My blood is fucking boiling after reading this disturbing piece from The Washington Post that ran back in August. I don’t know why I’m coming across it only now, but if you care at all about animals, it is extremely upsetting and will make you angry as hell.
More than a dozen former USDA employees, mostly inspectors and veterinarians, have come forward whistleblower-style to The Washington Post about the agency’s new lenient approach under the Trump administration toward industries that abuse animals.
Instead of citing violations of animal welfare regulations and holding those who commit acts of cruelty accountable, Animal Care, the part of the USDA that is tasked with enforcing the Animal Welfare Act, has instead been instructed to “work with” businesses rather than penalize them, and use these violations as just “teachable moments.”
One instance included a raccoon farm in Iowa where animals were documented panting and drooling in 100-degree summer heat.
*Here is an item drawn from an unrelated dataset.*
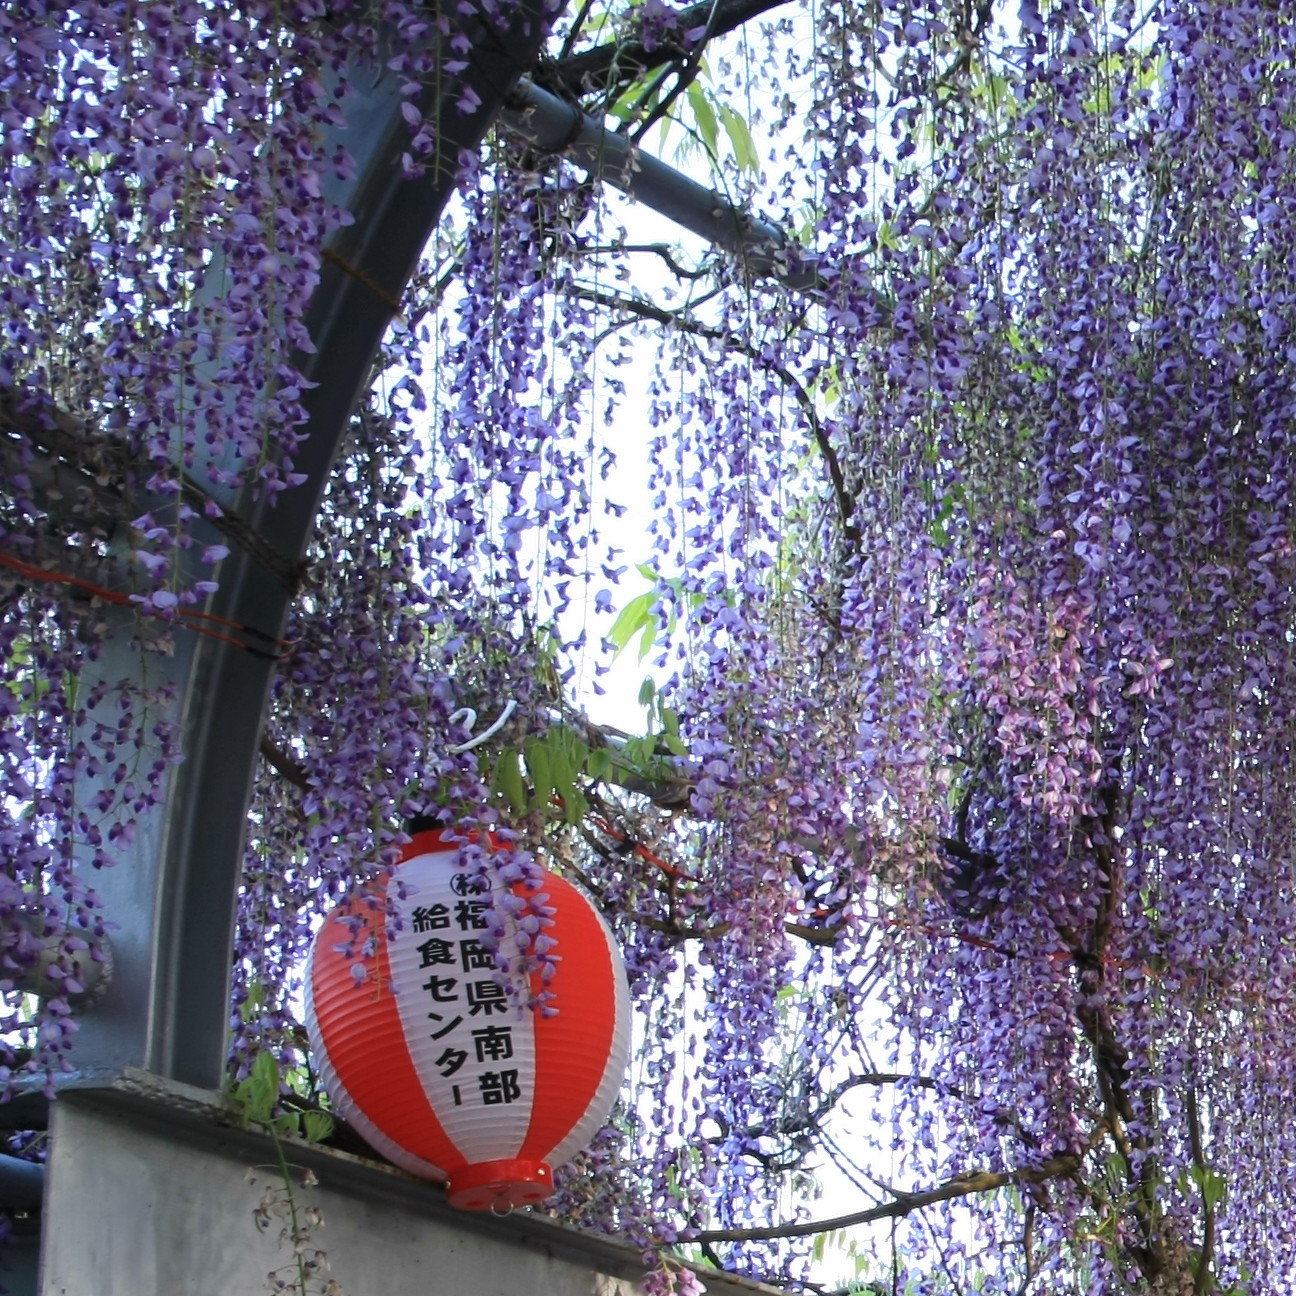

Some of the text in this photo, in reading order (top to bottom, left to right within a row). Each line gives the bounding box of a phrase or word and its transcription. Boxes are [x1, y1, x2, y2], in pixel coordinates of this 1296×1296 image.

[411, 903, 469, 1107] 給食センター
The USDA worker inspecting the facility reported the animals were suffering “severe heat distress.” The conditions were so horrific that 10 raccoons were confiscated. USDA inspectors were supposed to come back for the rest of the animals, but instead something unbelievable happened. An industry group appealed the inspector’s decision to take the raccoons to a White House advisor. At that point Secretary Perdue and other senior USDA officials intervened. The raccoons were ordered to be returned to the farm, and the additional seizure of animals was halted.
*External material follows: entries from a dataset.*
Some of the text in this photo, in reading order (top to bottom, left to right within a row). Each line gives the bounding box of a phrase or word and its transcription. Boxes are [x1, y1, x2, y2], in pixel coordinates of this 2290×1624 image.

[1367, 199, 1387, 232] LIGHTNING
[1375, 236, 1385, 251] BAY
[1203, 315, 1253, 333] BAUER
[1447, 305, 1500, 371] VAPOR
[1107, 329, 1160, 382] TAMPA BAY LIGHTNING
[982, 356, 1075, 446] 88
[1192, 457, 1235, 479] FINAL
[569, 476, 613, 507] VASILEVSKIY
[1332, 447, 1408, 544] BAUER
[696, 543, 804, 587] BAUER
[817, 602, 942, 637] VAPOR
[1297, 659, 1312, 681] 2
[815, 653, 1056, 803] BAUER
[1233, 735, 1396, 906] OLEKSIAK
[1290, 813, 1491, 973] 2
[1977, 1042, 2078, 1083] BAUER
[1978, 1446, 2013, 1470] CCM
Sadly, this is all part of a broader attitude by the Trump administration to deregulate industry. As The Post notes:
At the Environmental Protection Agency, fines and other actions against polluters have sharply declined. The Food and Drug Administration is issuing far fewer warnings to medical and pharmaceutical firms. Fines levied by the Department of Transportation against U.S. air carriers, for tarmac delays and other problems, have plunged.
With regard to animals, this disgusting approach towards unfettered business has resulted in USDA-initiated animal welfare citations plummeting by 65 percent since Trump took office. Additionally, enforcement cases, which can lead to penalties such as fines and license revocations are down 92 percent.
But that’s not all. Just a couple of months ago the Trump administration announced that they were effectively gutting the Endangered Species Act to allow businesses to do a cost-benefit analysis on whether certain species are worth saving. Concurrently, 17 states are suing the Trump administration to keep the almost 50 year-old law intact.